The designed bur for treating teeth is a bur consisting of a central guider and two symmetrical cutter to produce a single-circle ring. This bur is used after preparation of the root canal similar to other posts.

The two main advantages of this bore are speed in preparation root canals and its accuracy. The bur is designed in different sizes, which make it available for using in treatment of various teeth. The depth of the prepared ring is in direct proportion with the size of bore.

One of the major problems of using this post system is its bur, which means without having the bur it is impossible to use it.

==History==

The Nankali-post was designed in 1997 in the National Medical University at the Orthopedic and Implant Stomatology Department by Dr. Ali Nankali, which (October 1999) verified by Scientific Board of Bogomolets National Medical University and international patent organization (УДК; 616.314-76-77:616.314.11-74:678.029.46:612.311) in Kyiv/Ukraine.
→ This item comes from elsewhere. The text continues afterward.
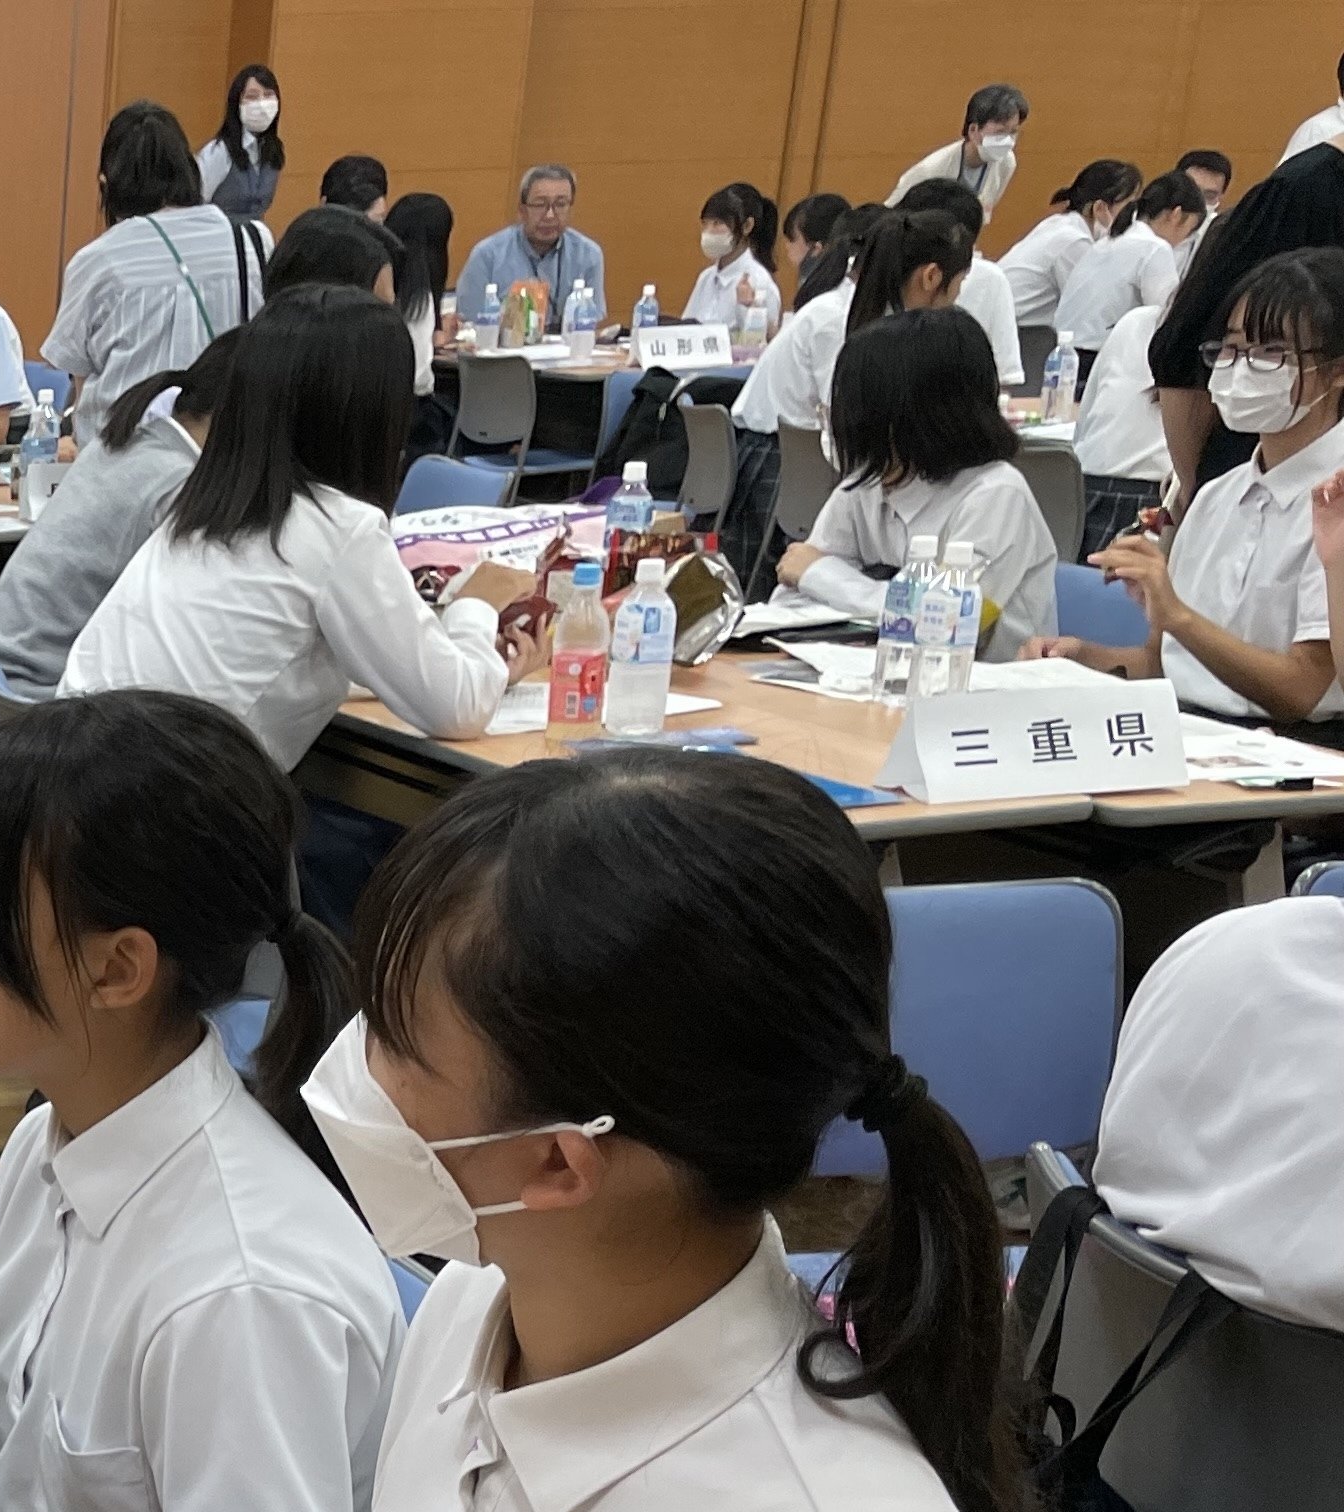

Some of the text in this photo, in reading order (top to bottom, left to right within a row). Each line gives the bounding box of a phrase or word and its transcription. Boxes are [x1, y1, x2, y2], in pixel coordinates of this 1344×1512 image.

[649, 335, 722, 358] 山形県
[950, 711, 1155, 769] 三重県
Initially it was presented at the 54Th Medical Science Conference of Students & Young Scientists in 1999, that was organized by Ukraine Health Ministry and National Medical University known as O.O. Bogomolets and Society Science Students known as O.O. Kisilia. The result of presentation was published in "Young Scientists and Students / Scientific Medical Seminar in 1999".

In 1999 it was requested for the patent (УДК; 616.314-76-77:616.314.11-74:678.029.46:612.311)and became a part of research of the Orthopedic and Implant Stomatology Department of the National Medical University. This new modified post-core was under study till 2004 and then attested by the Dental Scientific Board of Ukraine.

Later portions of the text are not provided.